▶ [Exercise]:
A verbatim repeat of the lines below is required, with the pictures removed.

▶ [Dataset entries]:
○ ○ ○ ○ ○ ○ ○

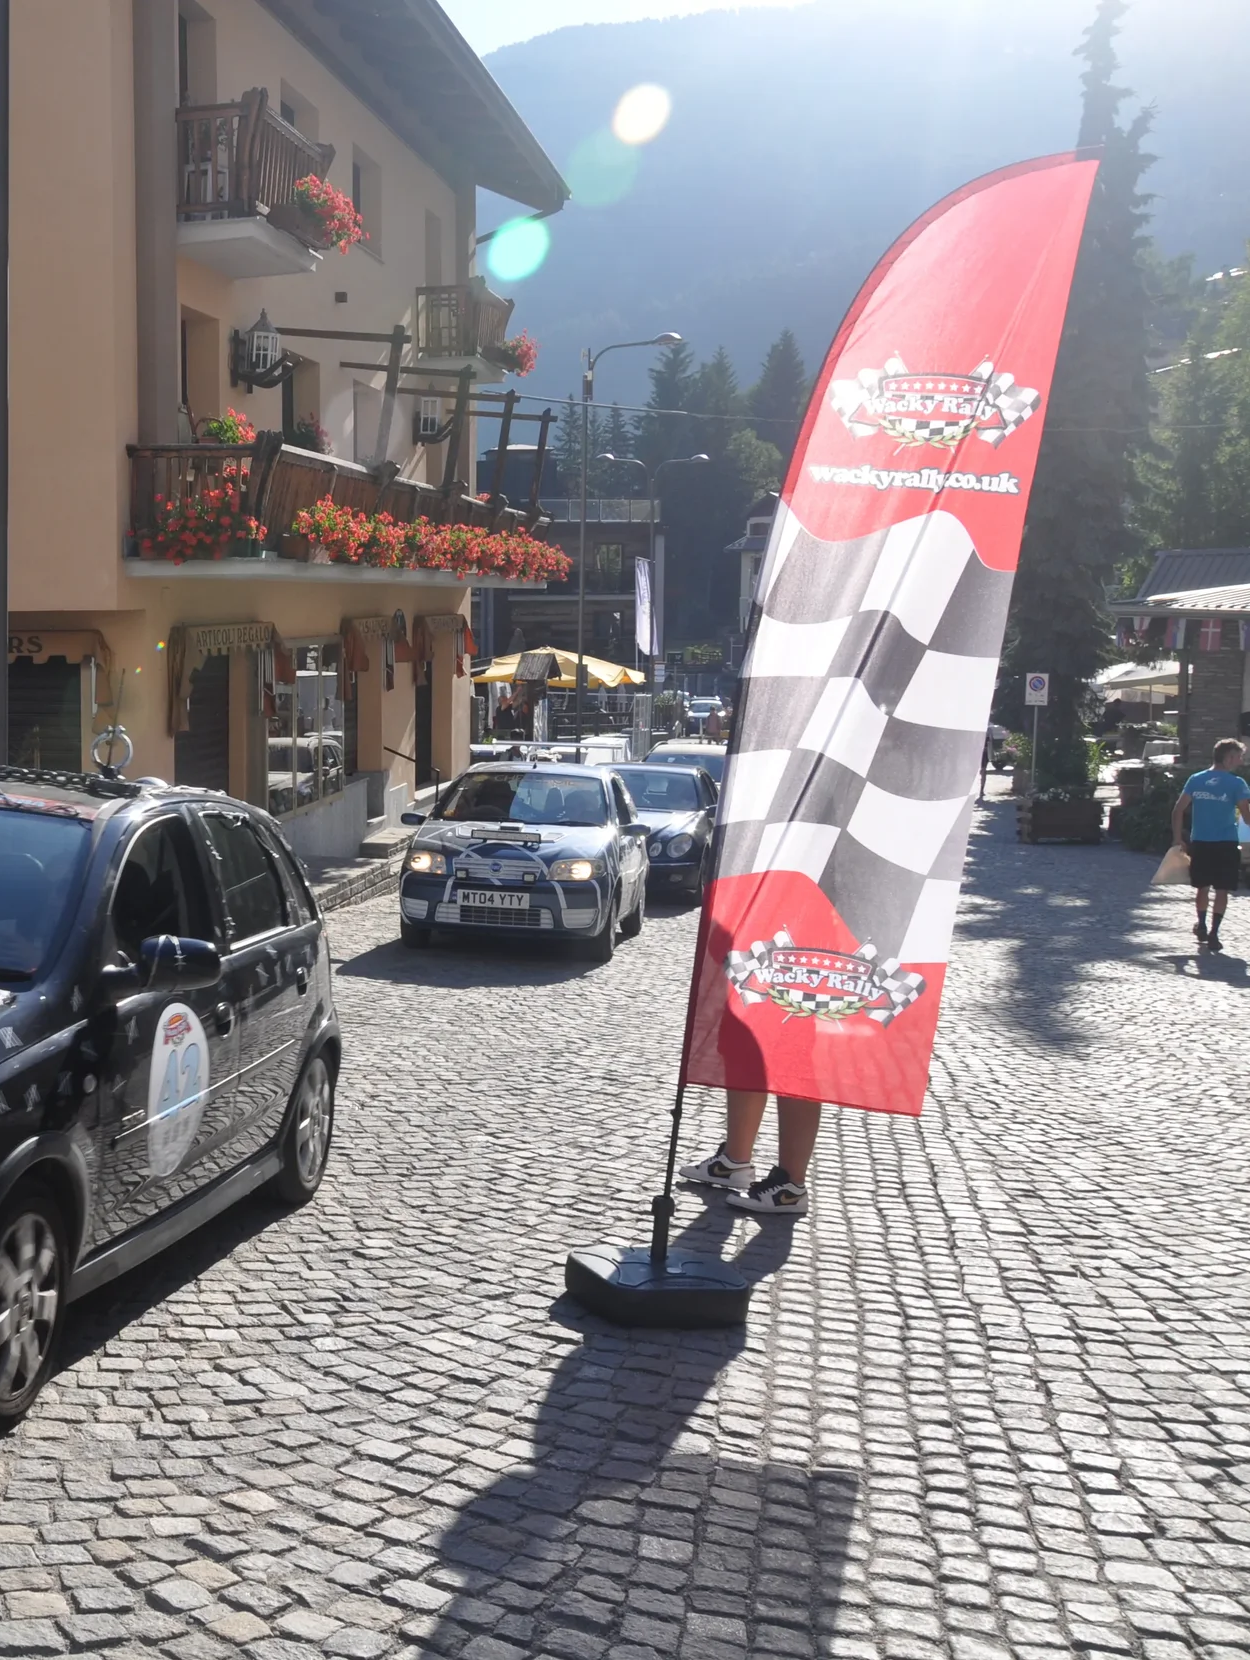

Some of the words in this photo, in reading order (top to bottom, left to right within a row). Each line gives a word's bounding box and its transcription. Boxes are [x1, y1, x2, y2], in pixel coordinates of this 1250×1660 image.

[868, 395, 938, 415] Wacky
[941, 397, 996, 418] Rally
[808, 464, 1019, 494] wackyrally.co.uk
[196, 628, 235, 648] ARTICOLI
[237, 626, 270, 644] REGALO
[462, 891, 495, 905] MT04
[499, 894, 524, 907] YTY
[753, 966, 827, 988] Wacky
[827, 972, 884, 1000] Rally
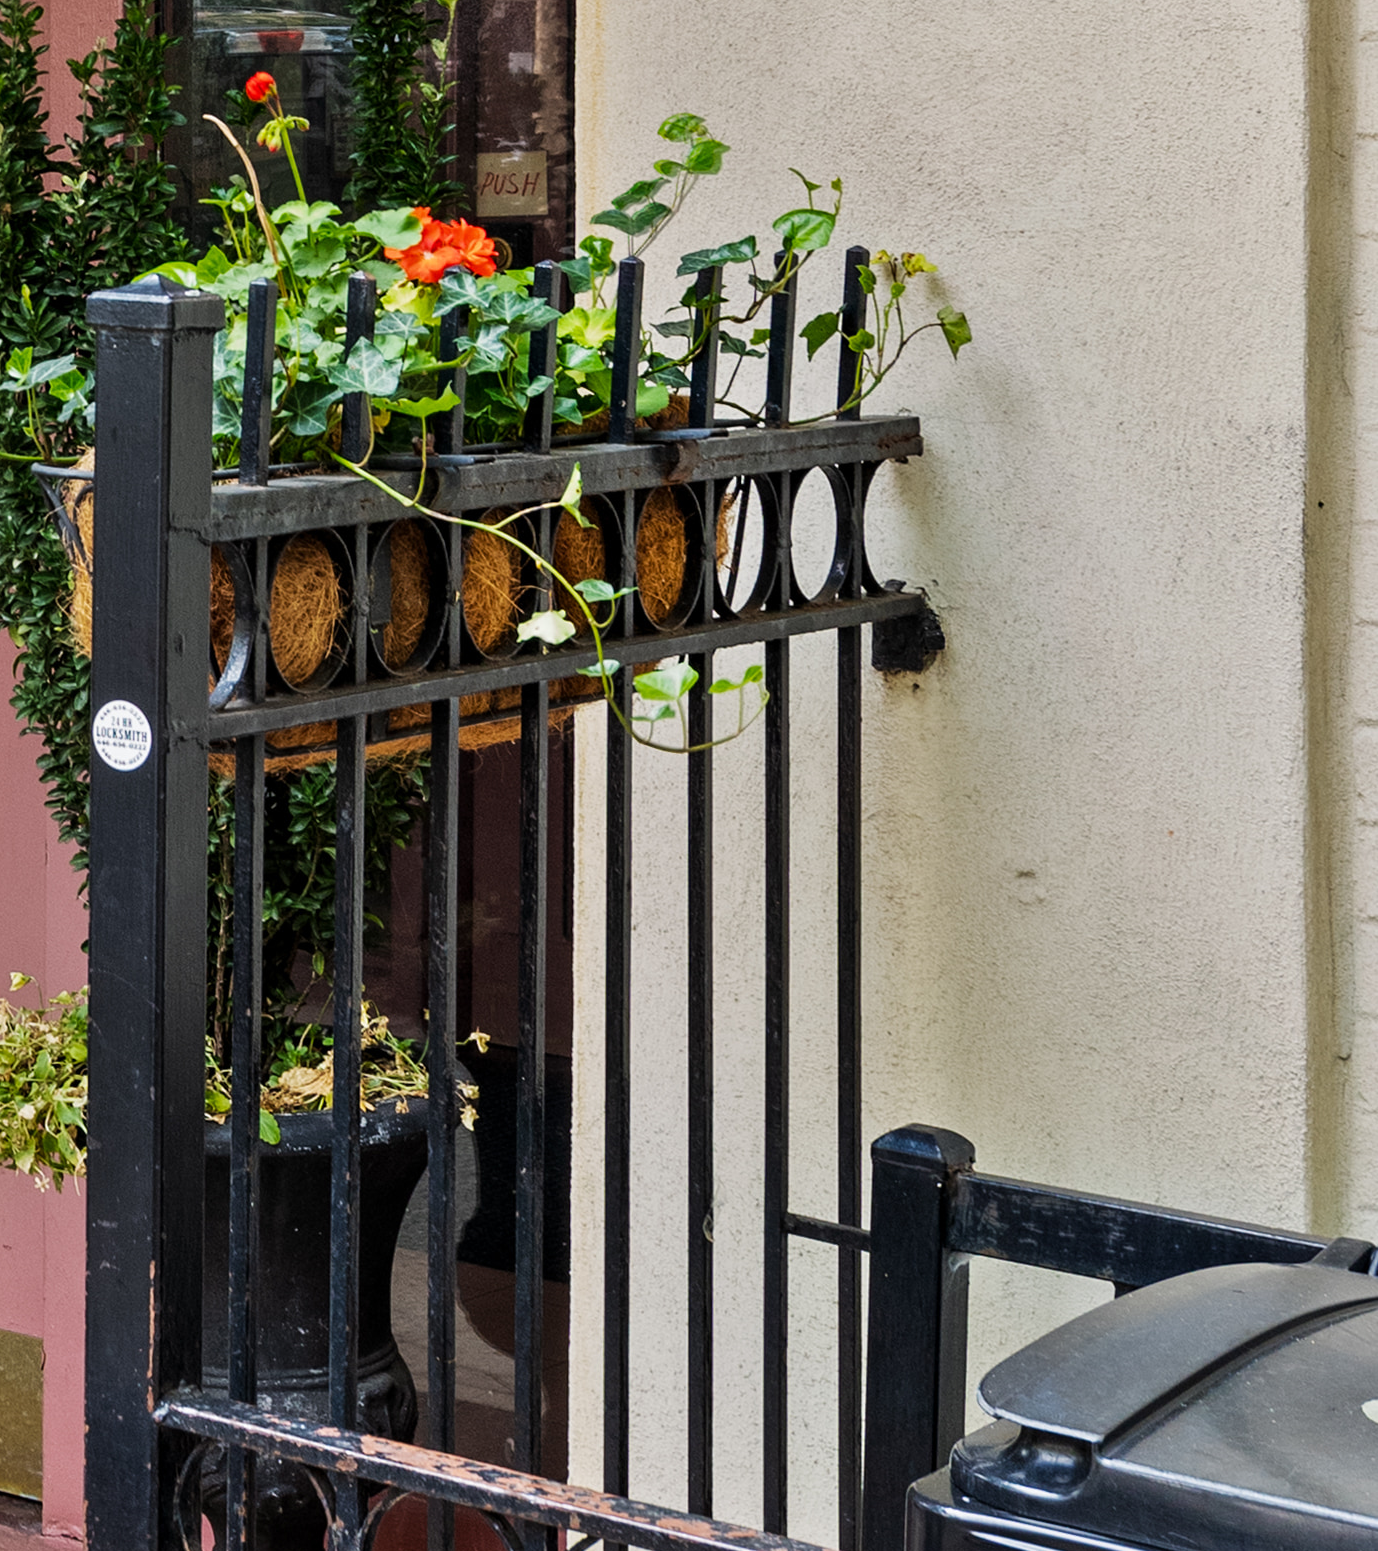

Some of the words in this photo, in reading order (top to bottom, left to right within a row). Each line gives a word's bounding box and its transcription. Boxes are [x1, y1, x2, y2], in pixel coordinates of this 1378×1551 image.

[480, 171, 540, 197] PUSH
[111, 715, 120, 726] 24
[123, 717, 133, 728] HR
[96, 725, 147, 743] LOCKSMITH

○ ○ ○ ○ ○ ○ ○

▶ [Result of this task]:
Some of the words in this photo, in reading order (top to bottom, left to right within a row). Each line gives a word's bounding box and its transcription. Boxes are [x1, y1, x2, y2], in pixel coordinates of this 1250×1660 image.

[868, 395, 938, 415] Wacky
[941, 397, 996, 418] Rally
[808, 464, 1019, 494] wackyrally.co.uk
[196, 628, 235, 648] ARTICOLI
[237, 626, 270, 644] REGALO
[462, 891, 495, 905] MT04
[499, 894, 524, 907] YTY
[753, 966, 827, 988] Wacky
[827, 972, 884, 1000] Rally

Some of the words in this photo, in reading order (top to bottom, left to right within a row). Each line gives a word's bounding box and its transcription. Boxes are [x1, y1, x2, y2], in pixel coordinates of this 1378×1551 image.

[480, 171, 540, 197] PUSH
[111, 715, 120, 726] 24
[123, 717, 133, 728] HR
[96, 725, 147, 743] LOCKSMITH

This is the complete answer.